The data journey through AFLOW begins with a task dataset $D$ , which is randomly partitioned into a validation set $D^{V}$ (20%) and a test set $D^{T}$ (80%). Before the search begins, AFLOW executes the blank template five times on the validation dataset and selects a subset of problems exhibiting high variance in scores. This filtering step optimizes computational efficiency by focusing the search on examples where workflow changes are most likely to produce measurable differences. The selected high-variance instances form the final validation set that drives the optimization process.

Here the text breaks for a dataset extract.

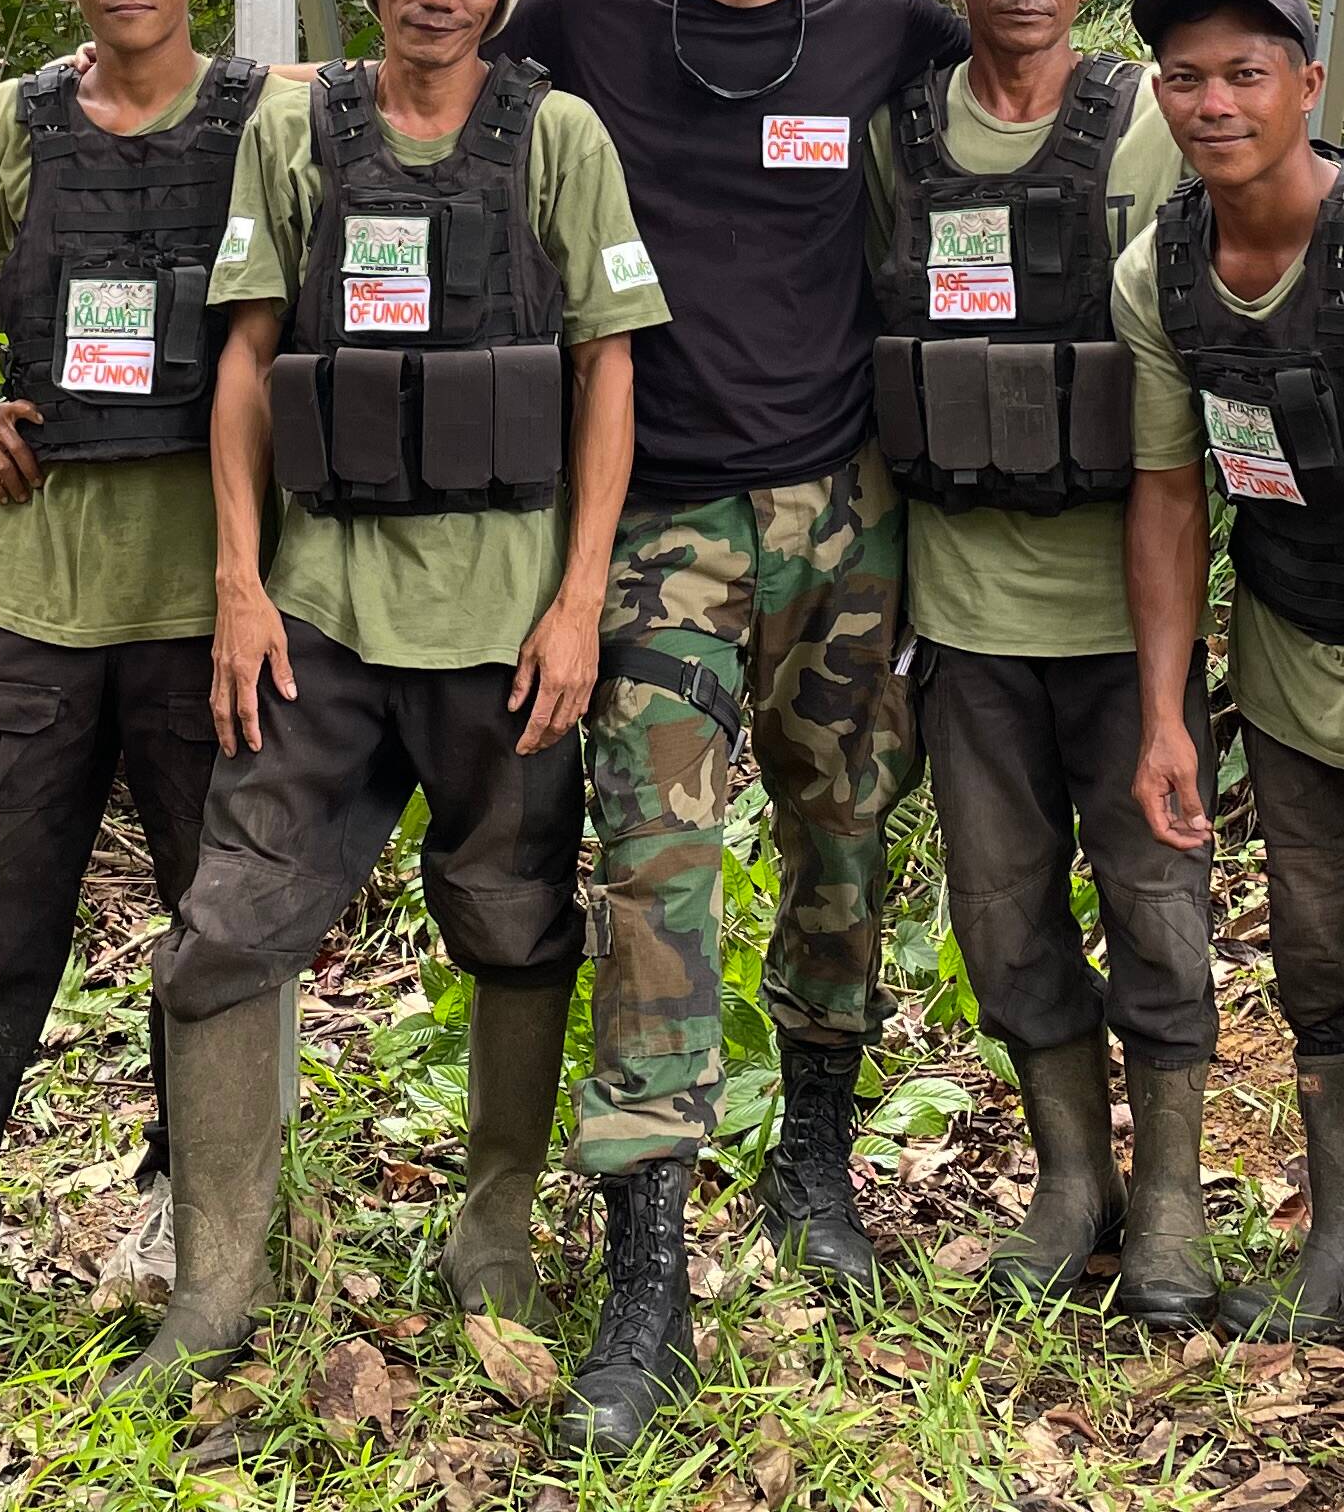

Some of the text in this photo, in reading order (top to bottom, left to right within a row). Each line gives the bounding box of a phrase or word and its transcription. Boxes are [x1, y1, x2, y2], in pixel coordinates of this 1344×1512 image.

The workflow representation is where AFLOW's technical innovation becomes tangible. Workflows are implemented as Python classes with an __call__ method that defines the execution logic. Nodes are instantiated through operators, and edges are represented by the control flow of the code itself — if-else statements, loops, and variable passing between function calls. This representation is both human-readable and machine-optimizable: the LLM optimizer receives the workflow code as context and modifies it directly, while the execution engine runs the code without interpretation overhead.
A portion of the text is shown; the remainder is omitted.